*** Opening RECORDS PROVIDED ***

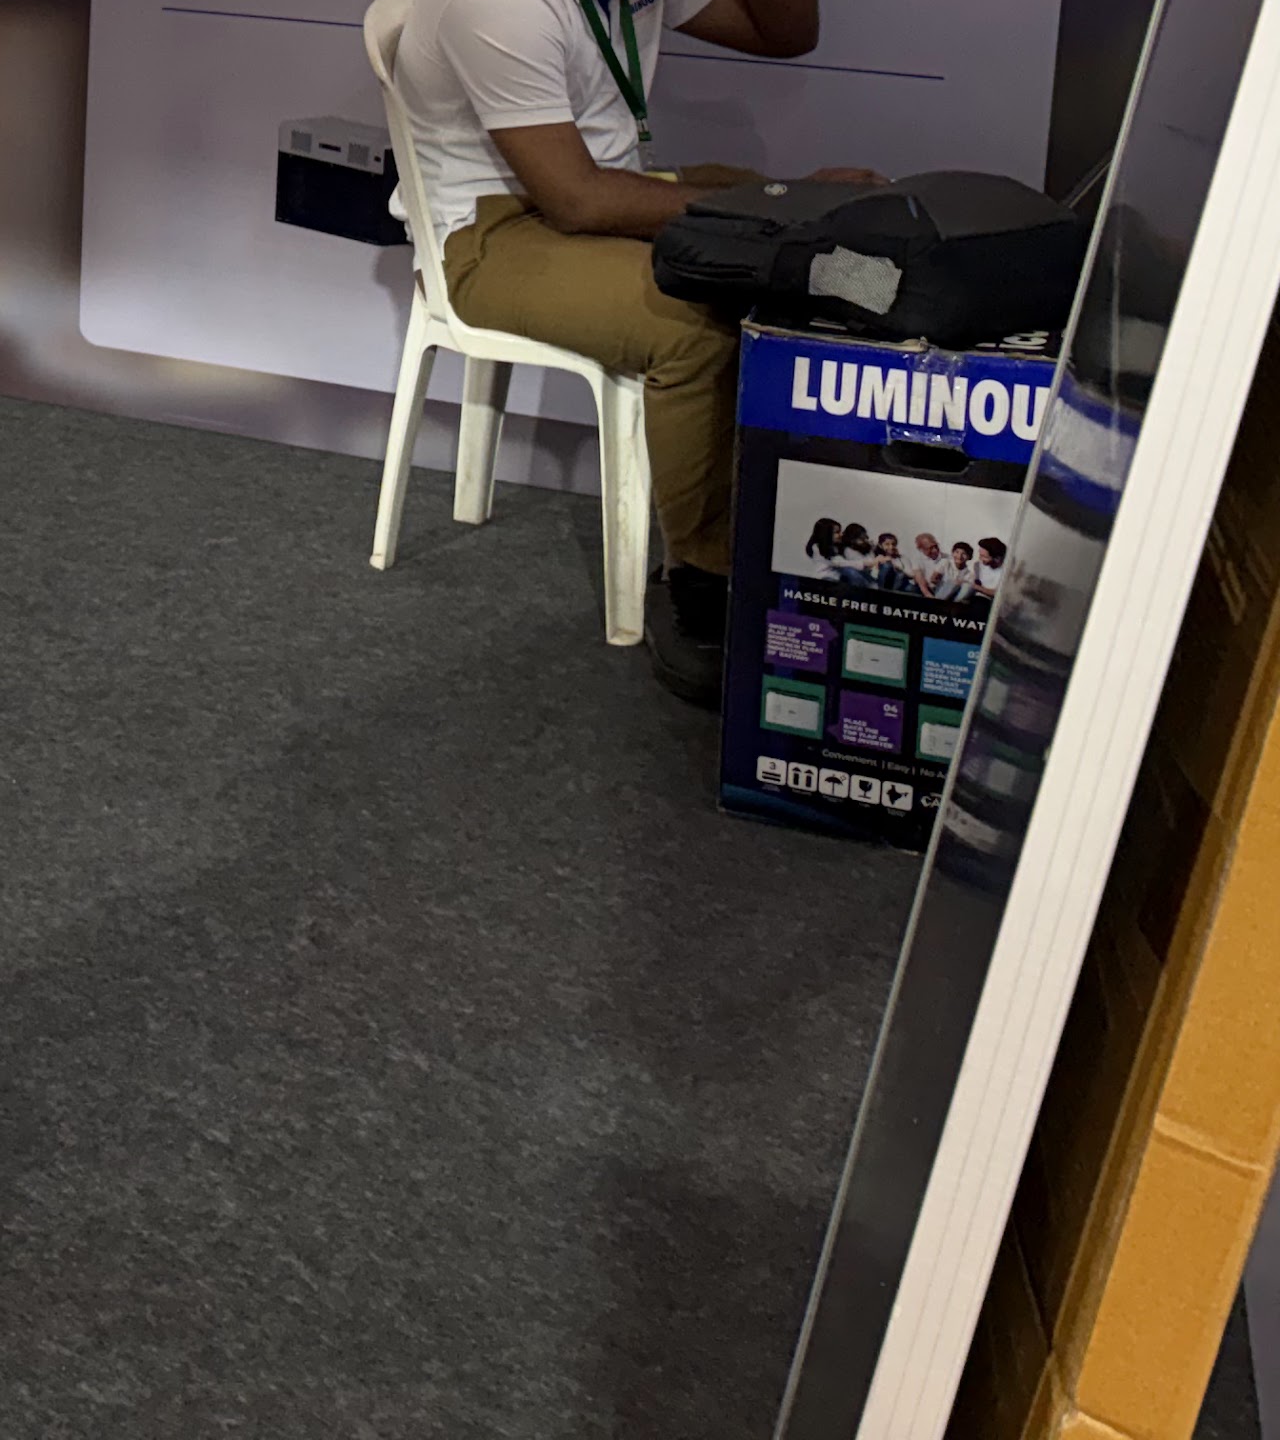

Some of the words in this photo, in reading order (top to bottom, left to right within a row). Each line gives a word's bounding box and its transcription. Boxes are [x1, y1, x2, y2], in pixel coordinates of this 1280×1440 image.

[792, 356, 1051, 442] LUMINOU
[783, 588, 838, 607] HASSLE
[842, 598, 878, 614] FREE
[883, 605, 948, 625] BATTERY
[822, 748, 877, 768] Convenient
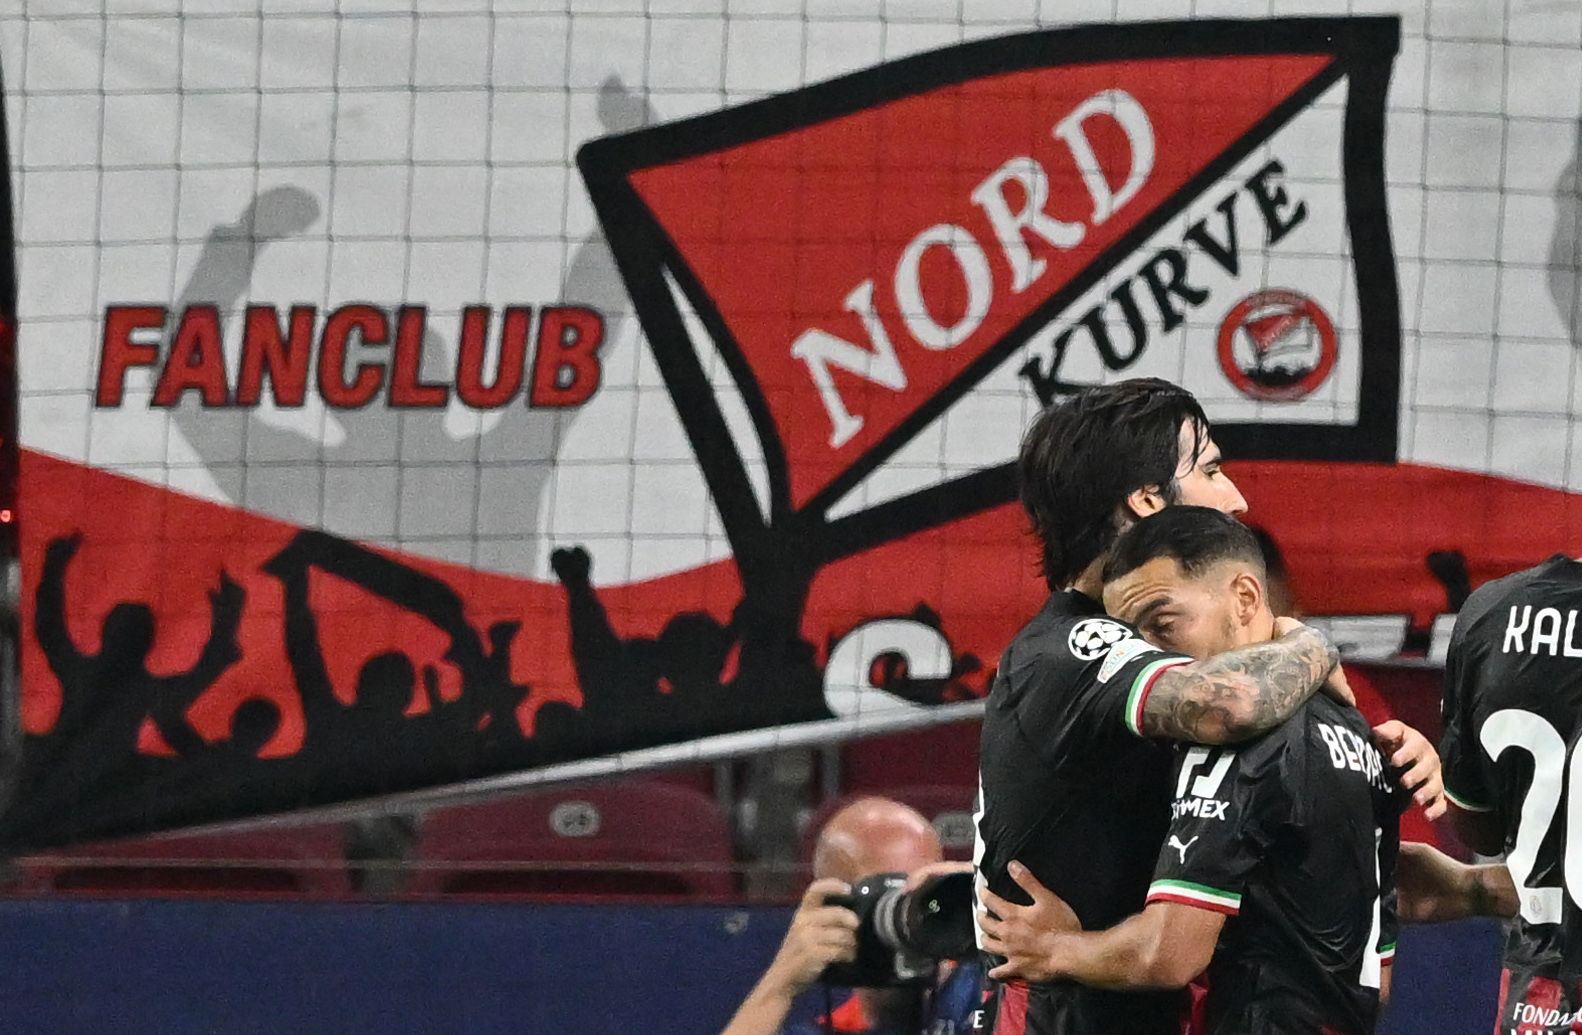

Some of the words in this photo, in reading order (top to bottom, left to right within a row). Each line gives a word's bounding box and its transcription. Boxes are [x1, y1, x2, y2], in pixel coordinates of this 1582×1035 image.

*** Closing RECORDS PROVIDED ***

-- PROBLEM DESCRIPTION --
Could you set down the records above exactly, skipping any picture?

-- ANSWER FOR THIS EXERCISE --
Some of the words in this photo, in reading order (top to bottom, left to right within a row). Each line gives a word's bounding box and its transcription. Boxes are [x1, y1, x2, y2], in pixel coordinates of this 1280×1440 image.

[792, 356, 1051, 442] LUMINOU
[783, 588, 838, 607] HASSLE
[842, 598, 878, 614] FREE
[883, 605, 948, 625] BATTERY
[822, 748, 877, 768] Convenient

Some of the words in this photo, in reading order (top to bottom, left to right within a row). Each line gives a word's bounding box and its transcription. Boxes are [x1, y1, x2, y2], in pixel coordinates of this 1582×1035 image.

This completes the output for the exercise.